Hollywood Hotel is a 1937 American romantic musical comedy film, directed by Busby Berkeley, starring Dick Powell, Rosemary Lane, Lola Lane, Hugh Herbert, Ted Healy, Glenda Farrell and Johnnie Davis, featuring Alan Mowbray and Mabel Todd, and with Allyn Joslyn, Grant Mitchell and Edgar Kennedy.

The film was based on the popular Hollywood Hotel radio show created by gossip columnist Louella Parsons, where Hollywood stars recreated scenes from their latest movies.  It was broadcast weekly from the hotel of that name.  The film's recreation of the  program features Louella Parsons, Frances Langford, Raymond Paige and His Orchestra, Jerry Cooper, the announcer Ken Niles, Duane Thompson and Benny Goodman and His Orchestra.

Hollywood Hotel, the film, is now best remembered for the featured song and opening number "Hooray for Hollywood" by Johnny Mercer and Richard A. Whiting, sung in the film by Davis and Langford, accompanied by Goodman and his orchestra. The song has become a standard part of the soundtrack to movie award ceremonies, including the Academy Awards. Mercer's lyrics contain numerous references, often satirical, to the movie industry and the path to film stardom.

Plot
Saxophone player and singer Ronnie Bowers, is on his way to Hollywood, having been signed to a ten-week contract by All Star Pictures.
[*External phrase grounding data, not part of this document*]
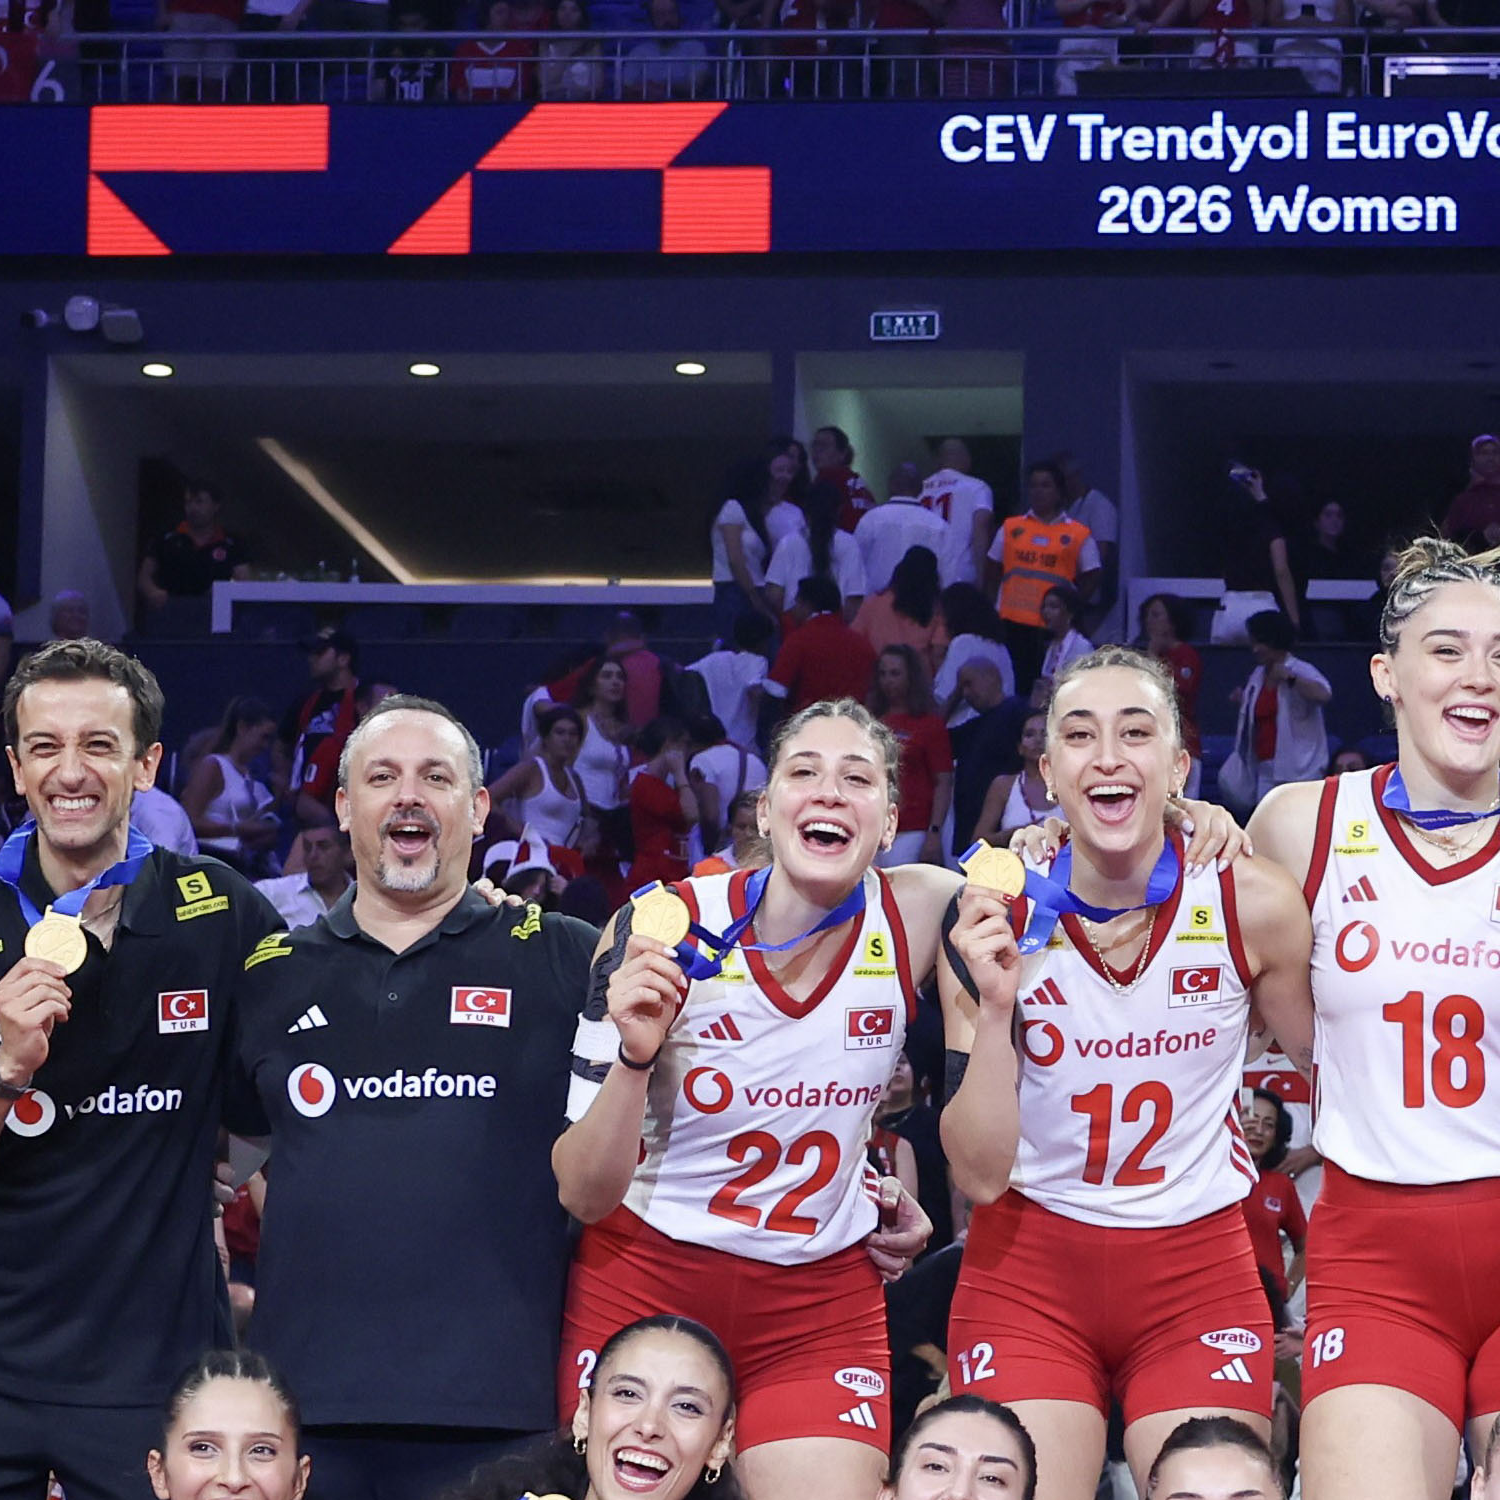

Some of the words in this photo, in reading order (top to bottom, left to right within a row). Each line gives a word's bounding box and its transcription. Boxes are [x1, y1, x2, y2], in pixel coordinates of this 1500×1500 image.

[940, 115, 1056, 166] CEV
[1068, 113, 1309, 171] Trendyol
[1098, 186, 1233, 234] 2026
[1248, 186, 1457, 233] Women
[1351, 822, 1365, 842] S
[186, 878, 205, 897] S
[1193, 906, 1210, 926] S
[869, 936, 885, 961] S
[1181, 994, 1210, 1005] TUR
[172, 1020, 197, 1031] TUR
[468, 1013, 500, 1025] TUR
[857, 1034, 884, 1049] TUR
[1074, 1026, 1218, 1061] vodafone
[1382, 990, 1486, 1110] 18
[343, 1069, 496, 1099] vodafone
[742, 1077, 883, 1107] vodafone
[1070, 1080, 1175, 1188] 12
[706, 1129, 841, 1236] 22
[1208, 1328, 1258, 1347] gratis
[1311, 1328, 1344, 1367] 18
[958, 1342, 996, 1384] 12
[841, 1367, 883, 1388] gratis
At the airport, his former employer, Benny Goodman, and his band give him a big sendoff, performing "Hooray for Hollywood".

In Hollywood, temperamental star Mona Marshall becomes furious when she learns that another actress has landed a part she desperately wanted. As a result, she refuses to attend the premiere of her latest movie. 
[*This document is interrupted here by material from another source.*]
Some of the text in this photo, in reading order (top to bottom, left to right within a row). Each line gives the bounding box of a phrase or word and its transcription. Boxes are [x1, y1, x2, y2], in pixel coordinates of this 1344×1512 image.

Publicist Bernie Walton convinces studio boss B. L. Faulkin to substitute a double. Bernie chooses Virginia Stanton, who has already worked as a stand-in for Mona. For her escort, Bernie chooses an unsuspecting (and starstruck) Ronnie. The charade works. Everyone, from Ronnie to Louella Parsons to the radio host at the premiere is fooled. Things take an unexpected turn when Ronnie and Virginia begin to fall in love, wading in a fountain pond and singing "I'm Like a Fish Out of Water".

The next day, Bernie takes Ronnie to lunch at the restaurant where Virginia is working as a waitress, to break the news of his date's real identity. Ronnie and Virginia begin dating.

When Mona reads in the newspaper that "she" was at the premiere with Ronnie, she forces Faulkin to buy the young man out of his contract. Photographer Fuzzy Boyle appoints himself Ronnie's agent, and they make the rounds, trying to get his acting career started, without success. The two end up employed at a drive-in. When Ronnie sings during work, director Walter Kelton is impressed and offers him a job. Ronnie is disappointed to learn, however, that he will not be acting, but only dubbing the singing for Mona's longtime screen partner, Alex Dupre.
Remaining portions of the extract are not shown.